Action item: Repeat the data exactly. Pictures stay out.

Source material:

::::::::::

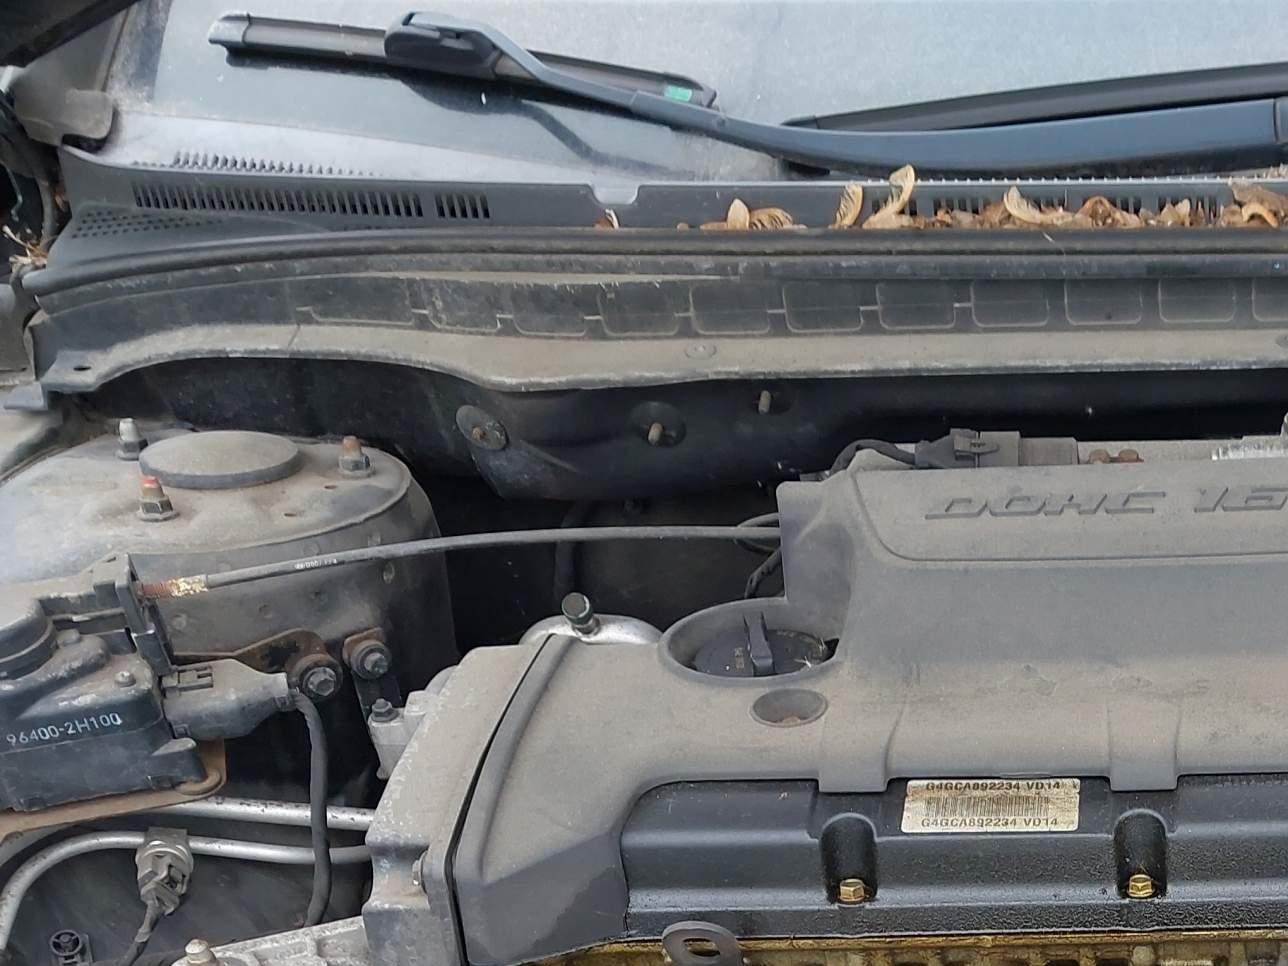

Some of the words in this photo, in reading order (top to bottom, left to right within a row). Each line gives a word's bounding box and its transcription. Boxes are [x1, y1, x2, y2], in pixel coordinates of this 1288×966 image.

[924, 489, 1167, 520] DOHC
[5, 711, 122, 747] 96400-2H100
[920, 817, 1018, 828] G4GCA892234
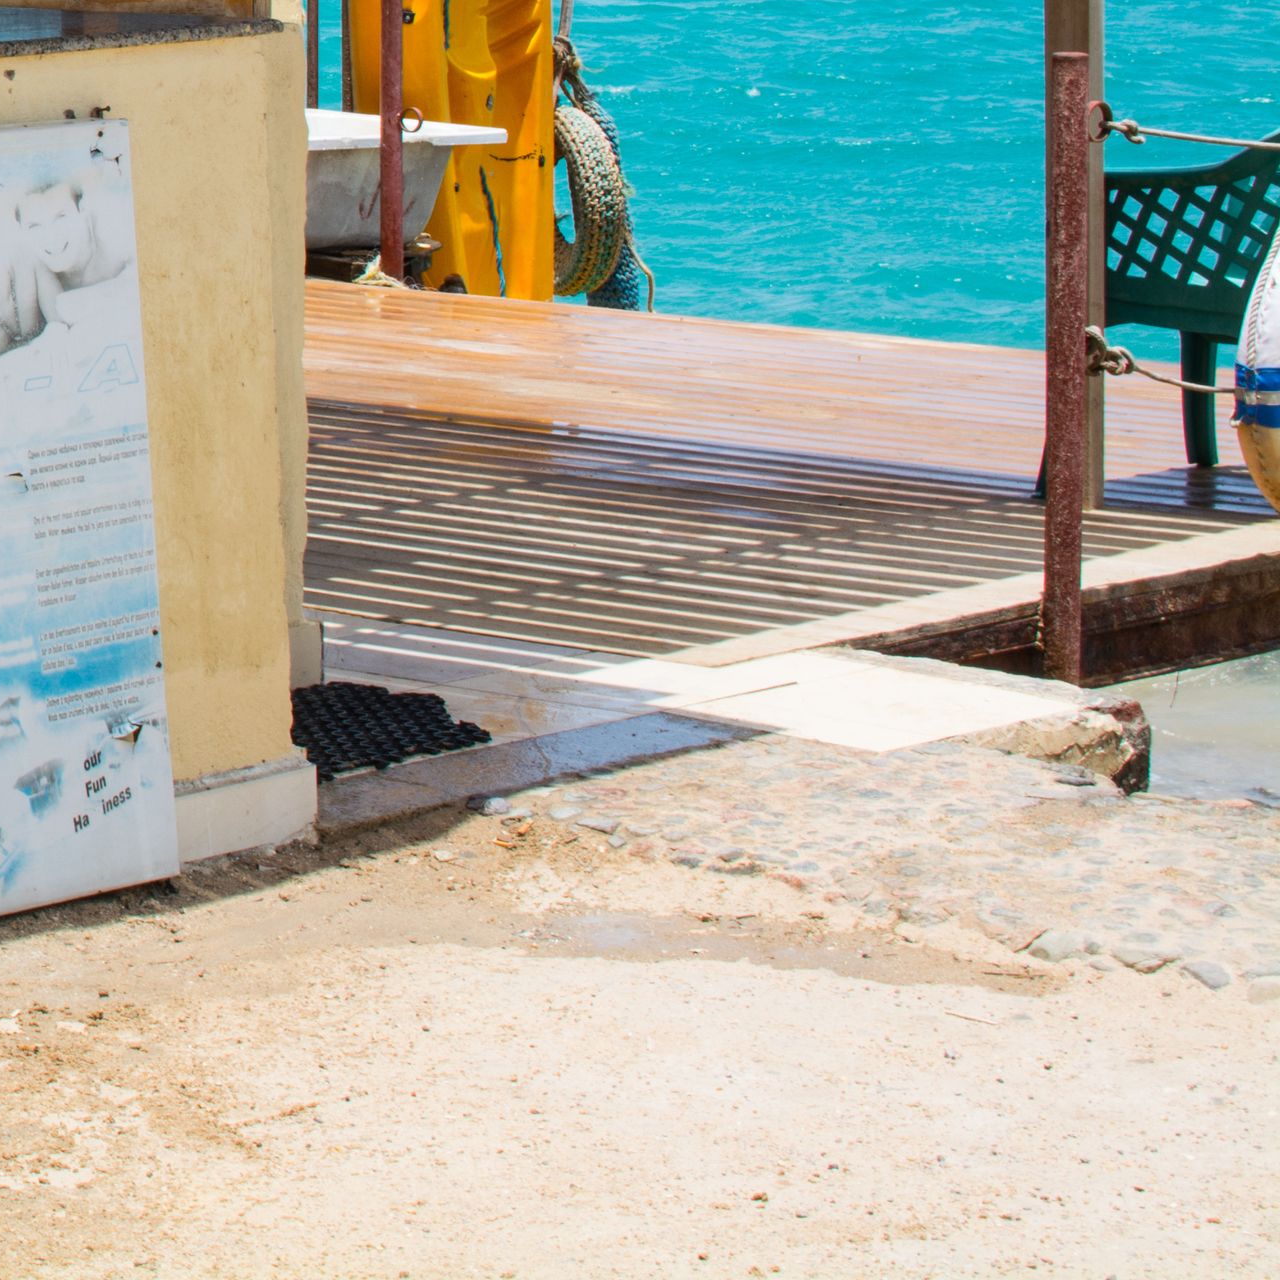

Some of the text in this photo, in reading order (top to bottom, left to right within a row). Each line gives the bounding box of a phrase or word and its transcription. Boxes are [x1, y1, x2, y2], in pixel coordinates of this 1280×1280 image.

[77, 343, 140, 393] A
[83, 750, 102, 772] our
[85, 775, 107, 798] Fun
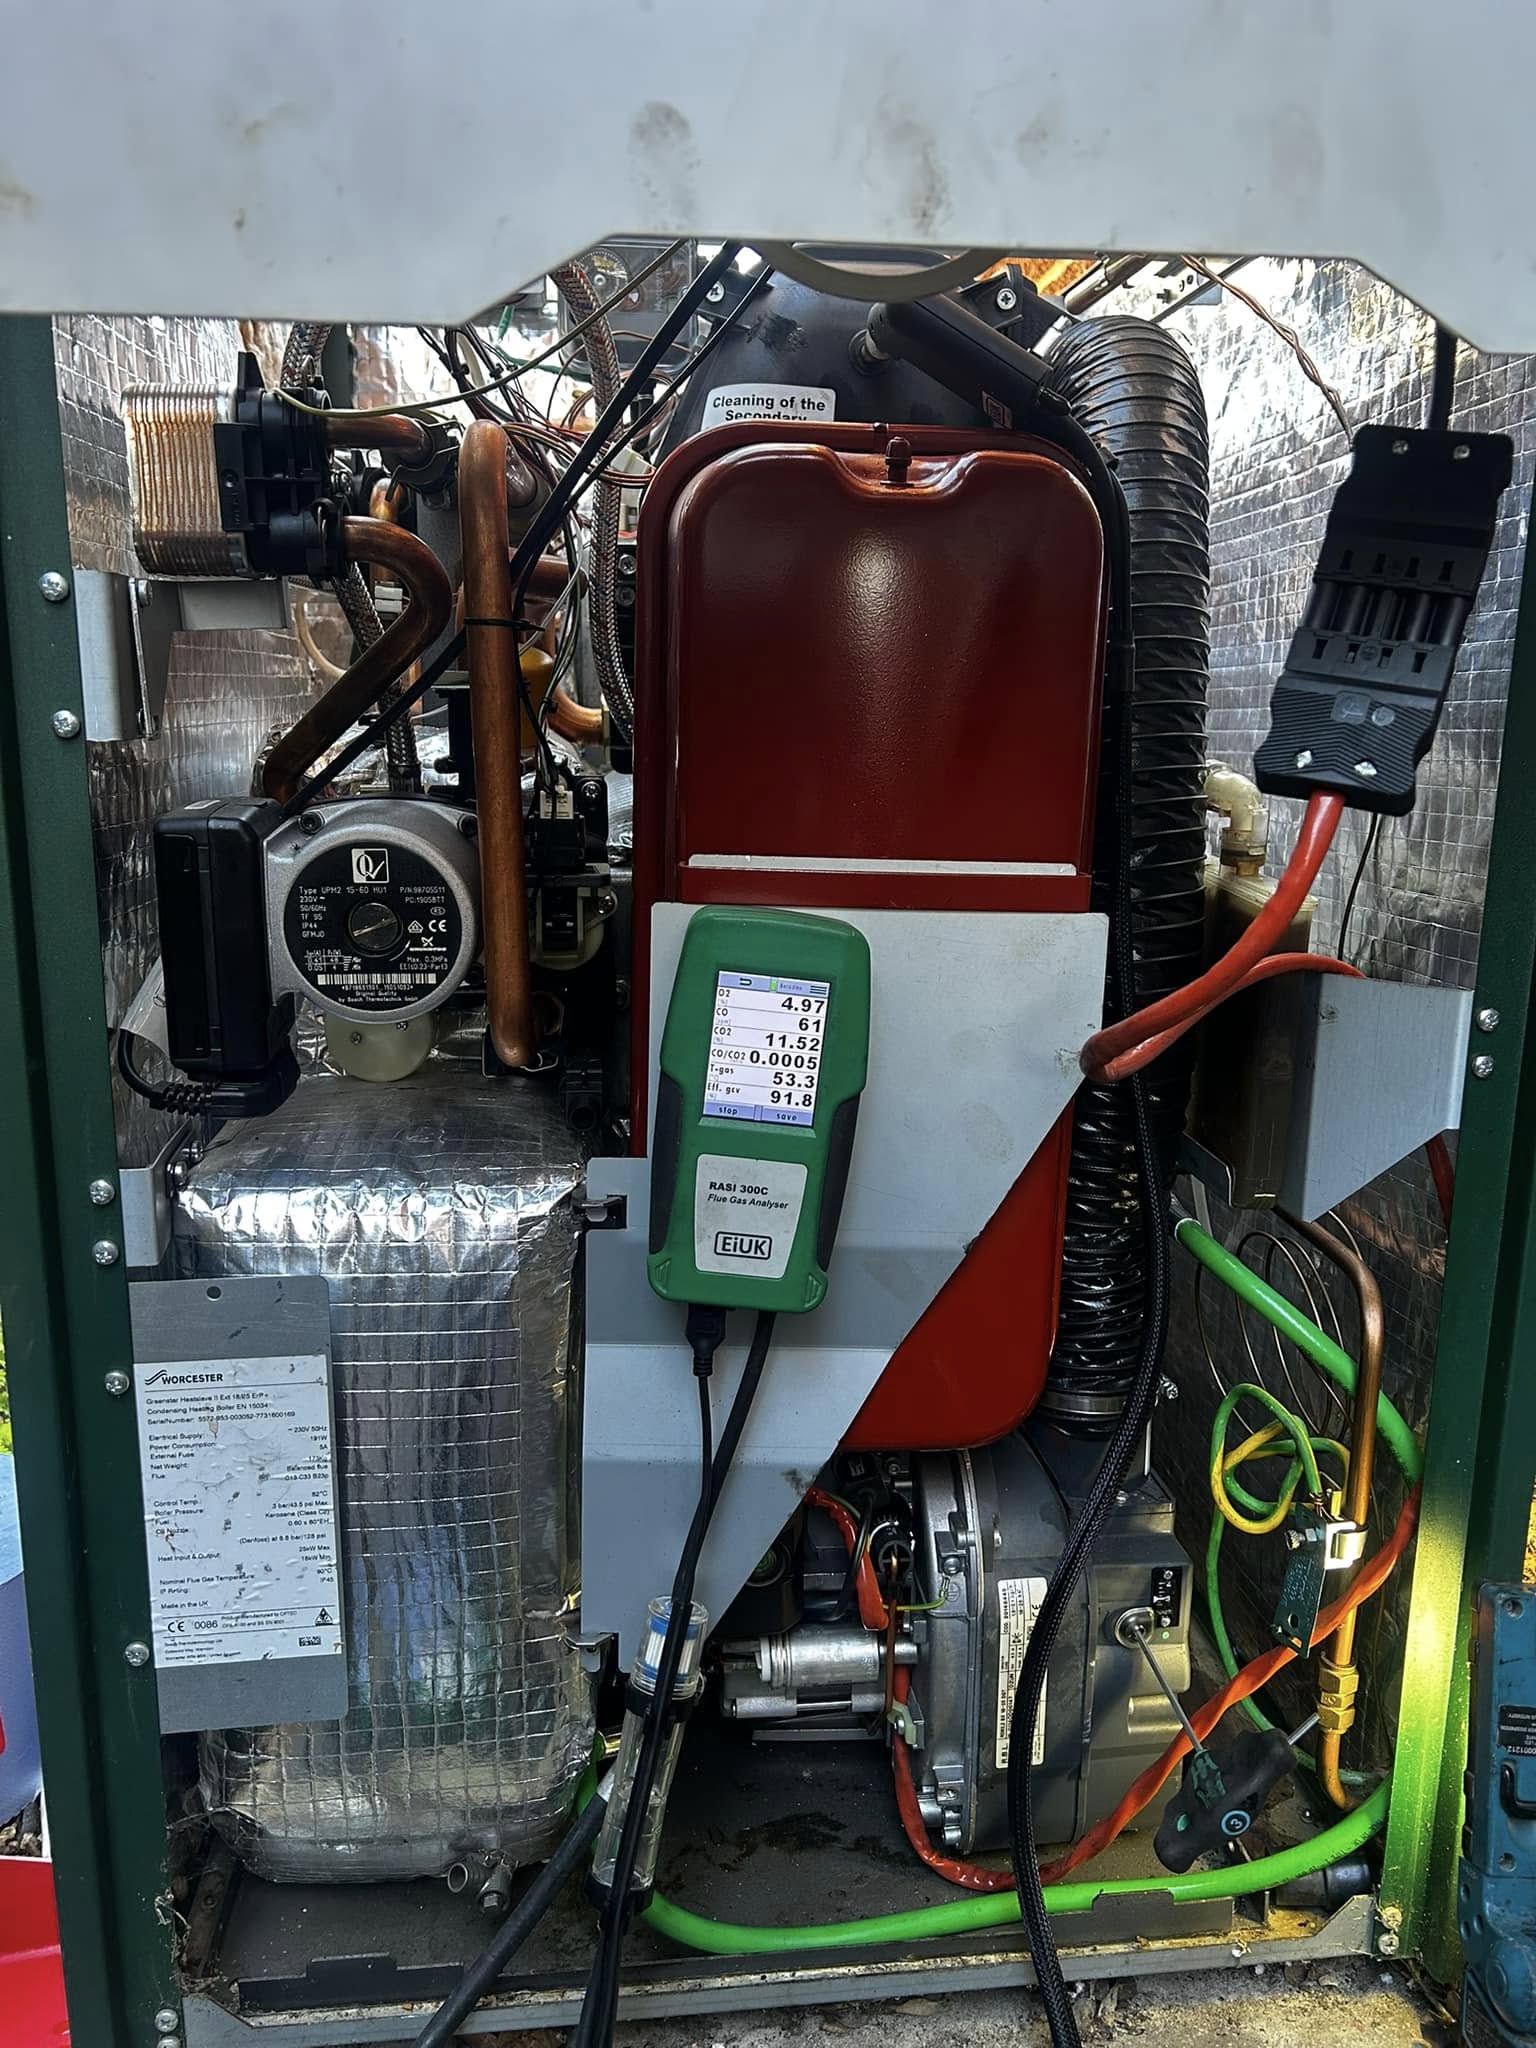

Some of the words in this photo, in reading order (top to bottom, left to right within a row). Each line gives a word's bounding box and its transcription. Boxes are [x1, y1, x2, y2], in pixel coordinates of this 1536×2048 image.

[713, 394, 774, 410] Cleaning
[780, 397, 796, 408] of
[801, 398, 826, 412] the
[299, 886, 317, 895] Type
[321, 886, 342, 894] UPM2
[346, 886, 369, 894] 15-60
[718, 989, 731, 998] O2
[781, 997, 825, 1014] 4.97
[716, 1008, 728, 1017] CO
[798, 1018, 821, 1033] 61
[714, 1027, 732, 1036] CO2
[765, 1033, 820, 1052] 11.52
[712, 1049, 746, 1060] CO/CO2
[750, 1050, 818, 1070] 0.0005
[772, 1071, 816, 1089] 53.3
[770, 1090, 813, 1108] 91.8
[718, 1106, 738, 1116] stop
[776, 1112, 798, 1121] save
[709, 1181, 736, 1192] RASI
[740, 1184, 768, 1196] 300C
[708, 1194, 728, 1204] Flue
[730, 1196, 747, 1205] Gas
[749, 1198, 790, 1210] Analyser
[722, 1236, 768, 1256] EiUK
[162, 1373, 224, 1384] WORCESTER
[168, 1621, 185, 1632] CE

::::::::::

Exercise result:
Some of the words in this photo, in reading order (top to bottom, left to right within a row). Each line gives a word's bounding box and its transcription. Boxes are [x1, y1, x2, y2], in pixel coordinates of this 1288×966 image.

[924, 489, 1167, 520] DOHC
[5, 711, 122, 747] 96400-2H100
[920, 817, 1018, 828] G4GCA892234

Some of the text in this photo, in reading order (top to bottom, left to right within a row). Each line gives the bounding box of a phrase or word and its transcription. Boxes are [x1, y1, x2, y2], in pixel coordinates of this 1280×1280 image.

[77, 343, 140, 393] A
[83, 750, 102, 772] our
[85, 775, 107, 798] Fun

Some of the words in this photo, in reading order (top to bottom, left to right within a row). Each line gives a word's bounding box and its transcription. Boxes are [x1, y1, x2, y2], in pixel coordinates of this 1536×2048 image.

[713, 394, 774, 410] Cleaning
[780, 397, 796, 408] of
[801, 398, 826, 412] the
[299, 886, 317, 895] Type
[321, 886, 342, 894] UPM2
[346, 886, 369, 894] 15-60
[718, 989, 731, 998] O2
[781, 997, 825, 1014] 4.97
[716, 1008, 728, 1017] CO
[798, 1018, 821, 1033] 61
[714, 1027, 732, 1036] CO2
[765, 1033, 820, 1052] 11.52
[712, 1049, 746, 1060] CO/CO2
[750, 1050, 818, 1070] 0.0005
[772, 1071, 816, 1089] 53.3
[770, 1090, 813, 1108] 91.8
[718, 1106, 738, 1116] stop
[776, 1112, 798, 1121] save
[709, 1181, 736, 1192] RASI
[740, 1184, 768, 1196] 300C
[708, 1194, 728, 1204] Flue
[730, 1196, 747, 1205] Gas
[749, 1198, 790, 1210] Analyser
[722, 1236, 768, 1256] EiUK
[162, 1373, 224, 1384] WORCESTER
[168, 1621, 185, 1632] CE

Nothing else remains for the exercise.